Europei di basket: Zagabria ’89
Il ricordo di… Massimo Iacopini

«Un quarto posto amaro ma dal grande valore per il futuro»… «D’Antoni regista ideale, ma sfortunati nell’incrocio con gli slavi»… 

Massimo Iacopini è nato a Empoli (in provincia di Firenze), il 10 maggio 1964. Crescita cestistica nell’US Empolese, fino a quando a 17 anni la Fortitudo Bologna lo fece esordire nel massimo campionato. Dopo quattro stagioni, il trasferimento alla Benetton Treviso, dove è rimasto dieci anni, trovando la sua definitiva consacrazione come giocatore, oltre ai successi di squadra: uno scudetto, una Coppa Europa e tre Coppe Italia, tutti nella prima metà degli anni novanta. Guardia di 1.96, si è distinto come uno dei migliori realizzatori del campionato, mettendo in mostra anche buone doti di passatore e di contropiedista. Esordio in Nazionale con Valerio Bianchini, che lo portò agli Europei dell’87 ad Atene; nel suo curriculum in maglia azzurra, altri due Europei, nell’89 e nel ’93, e l’oro ai Giochi del Mediterraneo del ’93. Carriera terminata a 33 anni, con le ultime apparizioni a Siena e a Padova. Dopo il ritiro, varie attività lavorative, tra cui quella di team manager nella Benetton di Treviso, città dove si è stabilito.

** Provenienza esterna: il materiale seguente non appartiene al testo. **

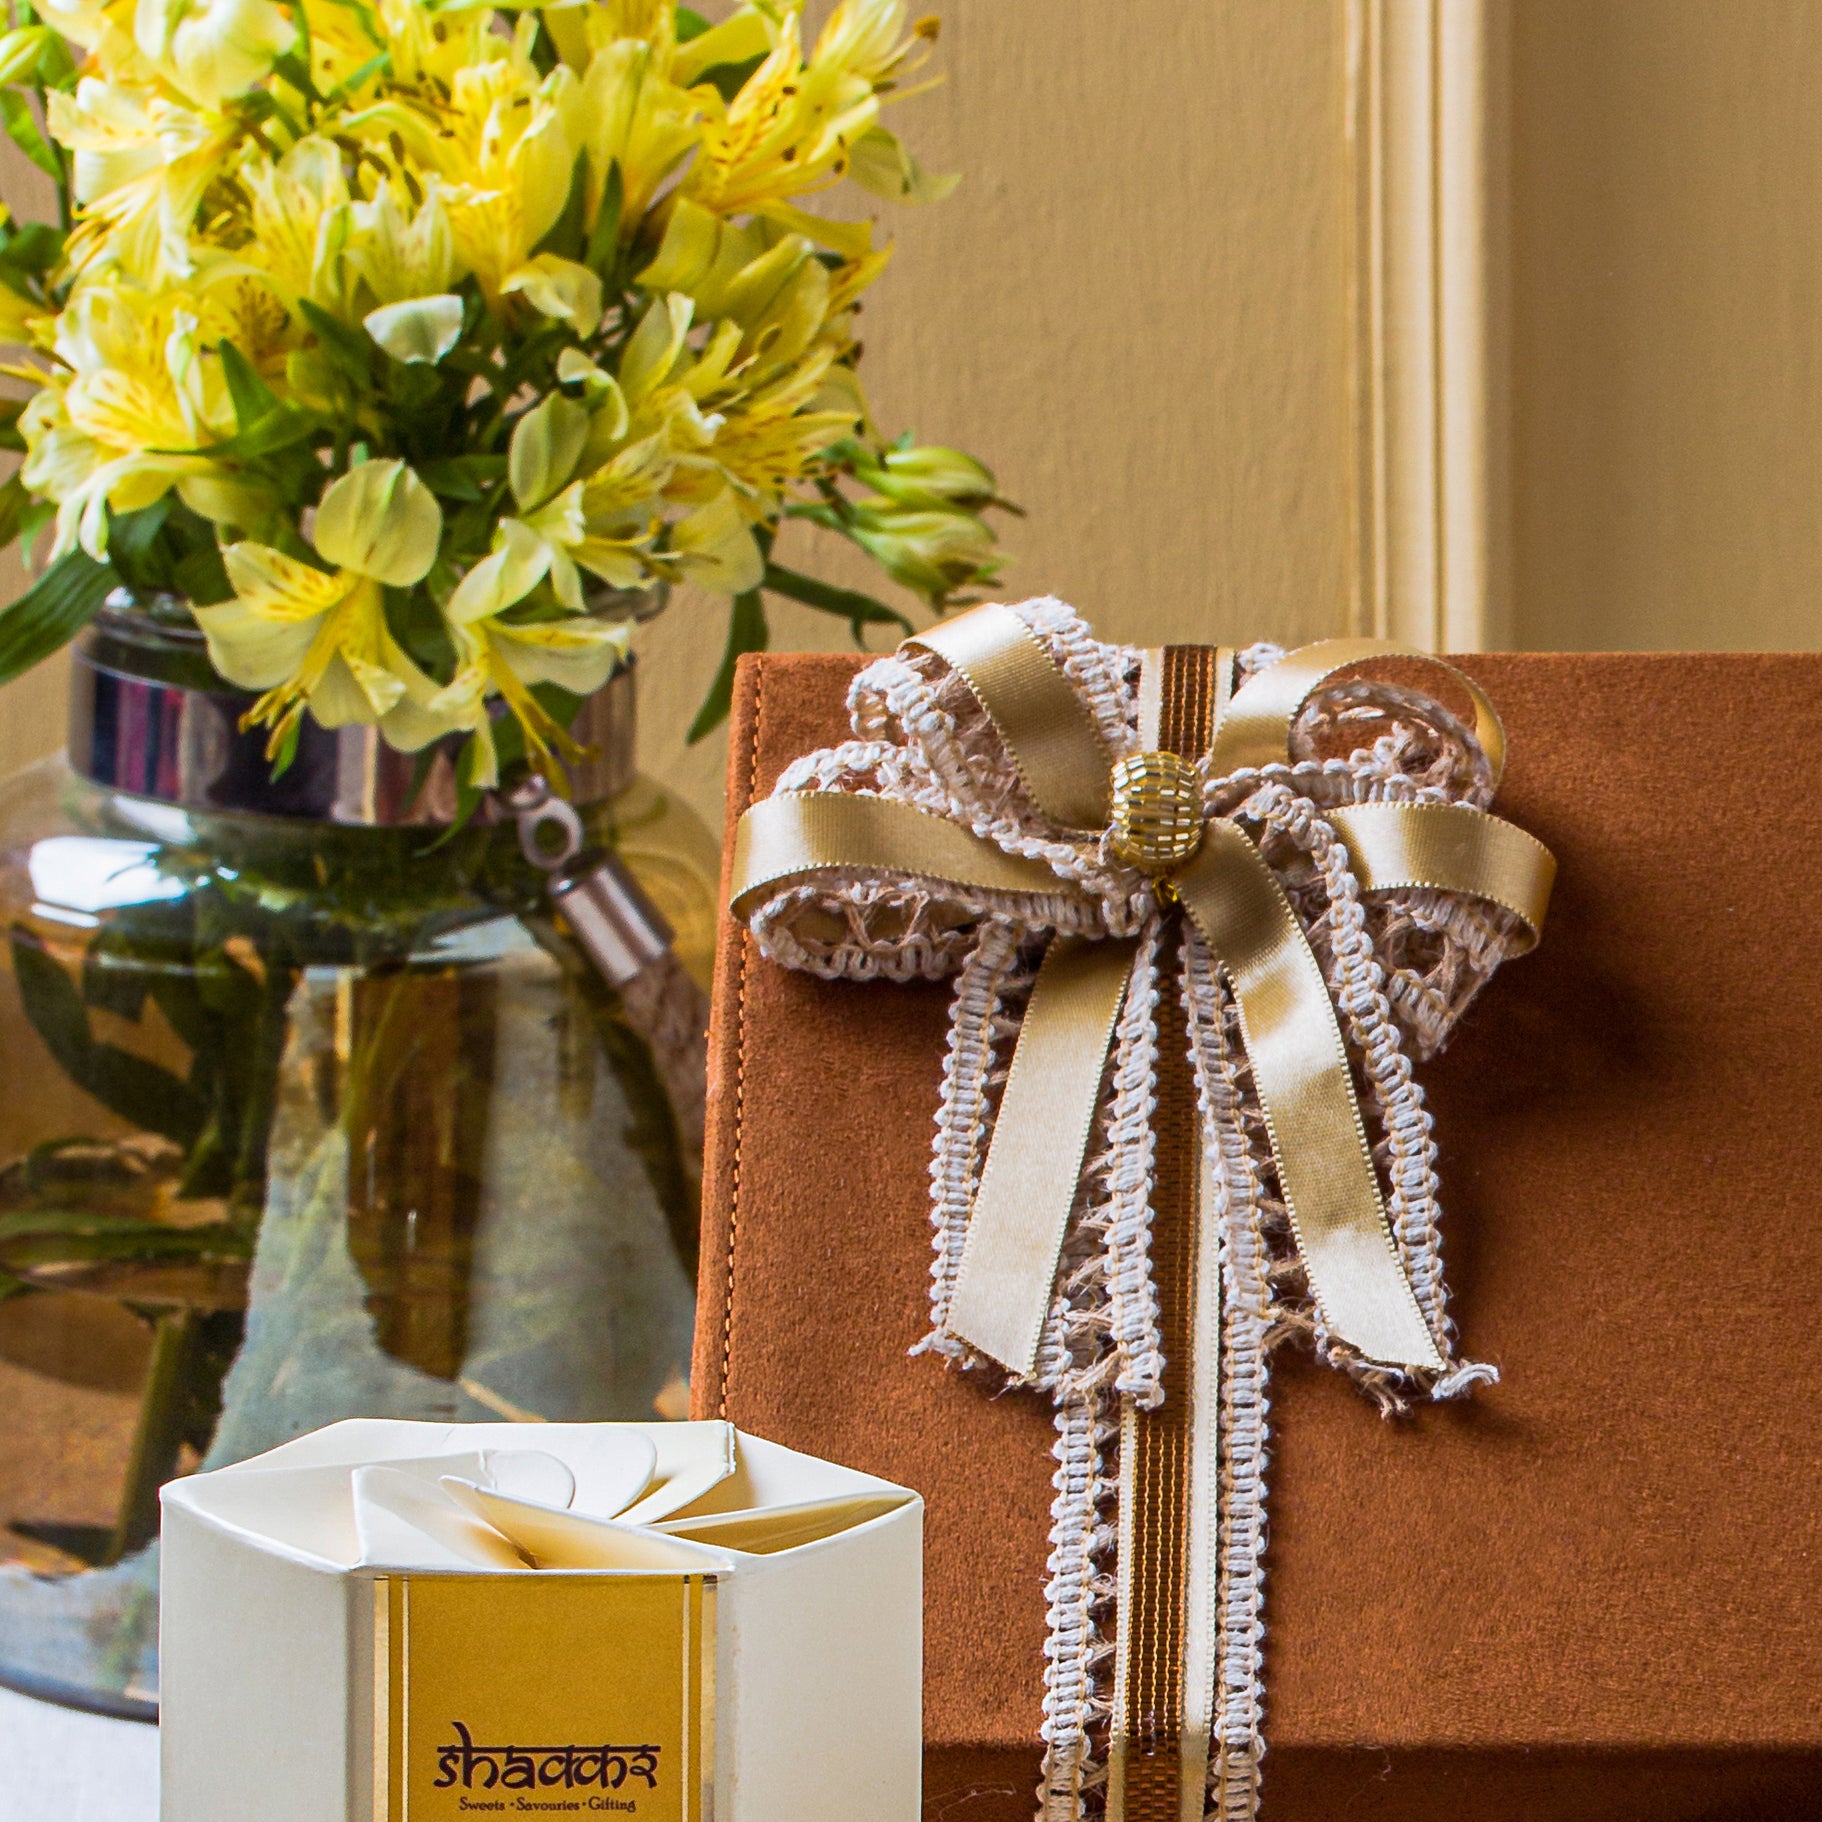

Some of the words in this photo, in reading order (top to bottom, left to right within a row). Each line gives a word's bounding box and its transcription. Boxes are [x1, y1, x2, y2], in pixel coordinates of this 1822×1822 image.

[459, 1797, 505, 1811] Sweets
[516, 1797, 580, 1811] Savouries
[588, 1796, 636, 1813] Gifting

Massimo Iacopini in azione con la maglia di Treviso; con quella della Nazionale ha disputato tre Europei (’87, ’89, ’93).

“La mia militanza con la Nazionale maggiore è vissuta quasi esclusivamente sui campionati europei: e il fatto di averne disputati tre con tre allenatori diversi (Bianchini, Gamba, Messina) è stato sempre per me un motivo di soddisfazione… Sinceramente, l’edizione in cui le cose sono andate meglio, sia come risultato di squadra che come prestazione personale, è stata quella di Zagabria ’89, che segnava l’inizio del Gamba-bis… Un quarto posto, che allora ci lasciò un po’ l’amaro in bocca per non essere arrivati sul podio, e che invece col tempo ha acquistato sempre più valore…”

“Io partivo dalla panchina, così come era successo al mio esordio europeo di due anni prima ad Atene, ed ero la riserva di Antonello Riva, cioè una delle guardie tiratrici più forti a livello continentale; non avevo certo le sue caratteristiche fisiche, ma quando Gamba mi metteva in campo cercavo in tutti i modi di non creare scompensi agli schemi della squadra, pur cercando soluzioni diverse dal tiro immediato in sospensione… Credo di essermela cavata; ricordo di aver giocato due buone partite con l’Unione Sovietica, sia nel girone di qualificazione che nella finale per il terzo posto, quando l’assenza di Riva per infortunio mi permise di restare in campo per più tempo (e di mettere a segno 18 punti, n.d.r.)…”

“Secondo me quella era una ottima Nazionale. Gamba aveva saputo trovare il giusto equilibrio tra i veterani e i nuovi, tutti giocatori che comunque si trovavano nel pieno della loro maturità nei rispettivi club; e soprattutto aveva trovato in Mike D’Antoni il regista ideale per far girare la squadra secondo le proprie potenzialità… Il problema, se mai, era quello di dover comunque affrontare a Zagabria o la Jugoslavia o l’Unione Sovietica, due formazioni tra le più forti delle rispettive storie… Campioni da una parte e dall’altra, ne cito uno per tutti, il lituano Sarunas Marciulonis, praticamente immarcabile… Purtroppo abbiamo avuto la sfortuna di incontrare l’Unione Sovietica anche in finale; con la Grecia, secondo me, avremmo avuto maggiori possibilità, nonostante la presenza di Galis…”.

“Poteva essere quella la mia ultima occasione di indossare la maglia azzurra, ma dopo la mancata convocazione a Roma ’91 non mi sono perso d’animo: ho continuato a disputare ottimi campionati con la Benetton, e alla fine è arrivato, nel ’93, il premio tanto atteso della chiamata da parte di Ettore Messina…”.